For 2013, the Company reiterated its outlook for Adjusted Ebitda of 350 million USD to 360 million USD and Adjusted Earnings Per Share of 0,20 USD to 0,22 USD. The Company is currently trending toward the high end of both ranges due to its strong first-half 2013 Adjusted Ebitda performance of 179,4 million USD and Adjusted EPS of 0,11 USD, along with the expected benefit from many of the initiatives implemented in 2012, including the expansion of its Image Activation reimaging program, the implementation of its Right Price Right Size Menu™, the reduction in the number of restaurants serving breakfast, labor efficiencies and multiple cost-reduction initiatives. The outlook for 2013 also reflects:

  • Higher year-over-year profitability in each of the first three quarters, with lower growth rates in the second and third quarter of 2013 relative to the first quarter.
  • Lower year-over-year profitability in the fourth quarter, due primarily to the anticipated expense of about 10 million USD from the Company´s Image Activation franchisee incentive program. The Company projects its fourth-quarter Adjusted Ebitda could decline by more than ten percent.

Estimated 2013 Adjusted Earnings Per Share excludes 20 to 25 million USD of anticipated pre-tax depreciation for existing assets that will be replaced as part of the Company´s Image Activation initiative. The Company expects its total 2013 depreciation and amortization expense to increase 15 to 20 percent compared to 2012.
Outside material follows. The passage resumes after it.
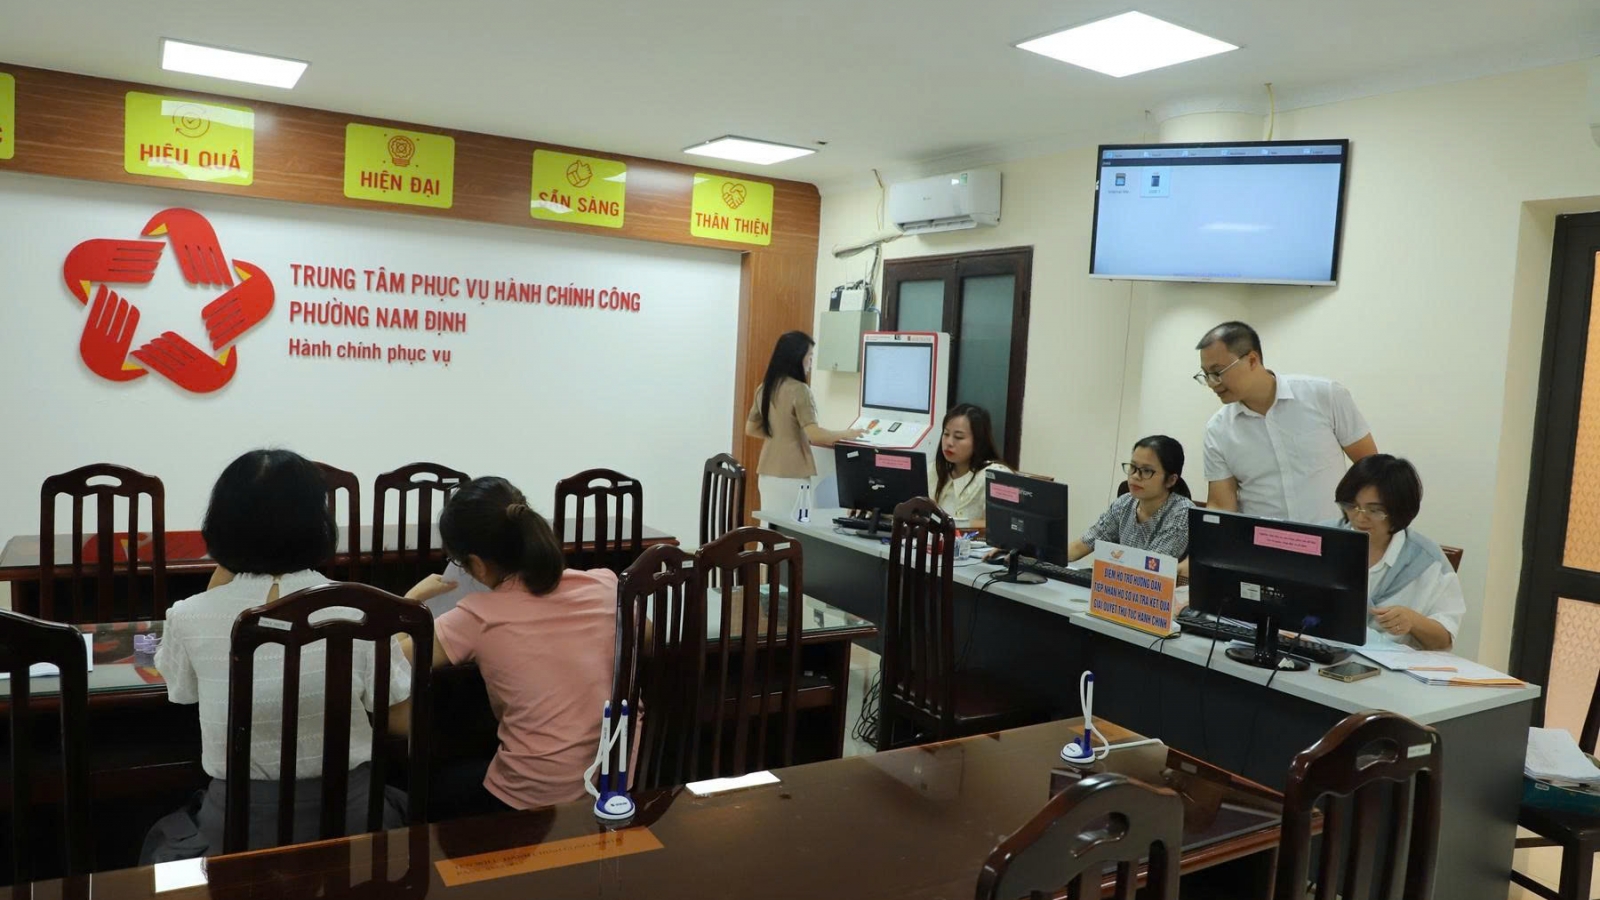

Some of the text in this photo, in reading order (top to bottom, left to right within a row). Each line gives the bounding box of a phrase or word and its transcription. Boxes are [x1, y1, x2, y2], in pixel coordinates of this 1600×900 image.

The Company is also currently trending toward the high end of its outlook for Company-operated restaurant margin of 14,2 to 14,5 percent, compared to 14,0 percent in 2012, due to ongoing cost control initiatives and potential favourability in its commodities forecast. Also included in the Company´s 2013 outlook is:

  • Average same-store sales growth of 2,0 to 3,0 percent at Wendy´s North America Company-operated restaurants, based on year-to-date same-store sales of 0,7 percent, along with the expectation of stronger same-store sales in the third and fourth quarter.
  • New restaurant development and restaurant closures as follows:
    • North America Company-operated: 25 Image Activation openings with 20 to 30 closures
    • North America franchise: 40 openings with 90 to 100 closures
    • International: 60 openings with 15 to 20 closures
  • The re-imaging of 100 Company-operated restaurants.
  • Approximately 10 million USD in incremental year-over-year G+A expense associated with the Image Activation franchisee incentive program. Franchisees have applied to re-image nearly 150 restaurants under this program. Approximately 100 of these restaurants are currently in various stages of active process and the Company believes most of the 100 restaurants now in process will be open or under construction by the end of 2013.
  • Capital expenditures of approximately 245 million USD, compared to 198 million USD in 2012. This estimate includes 145 million USD for Image Activation designs, with 25 new and 100 re-imaged Company-operated restaurants in North America.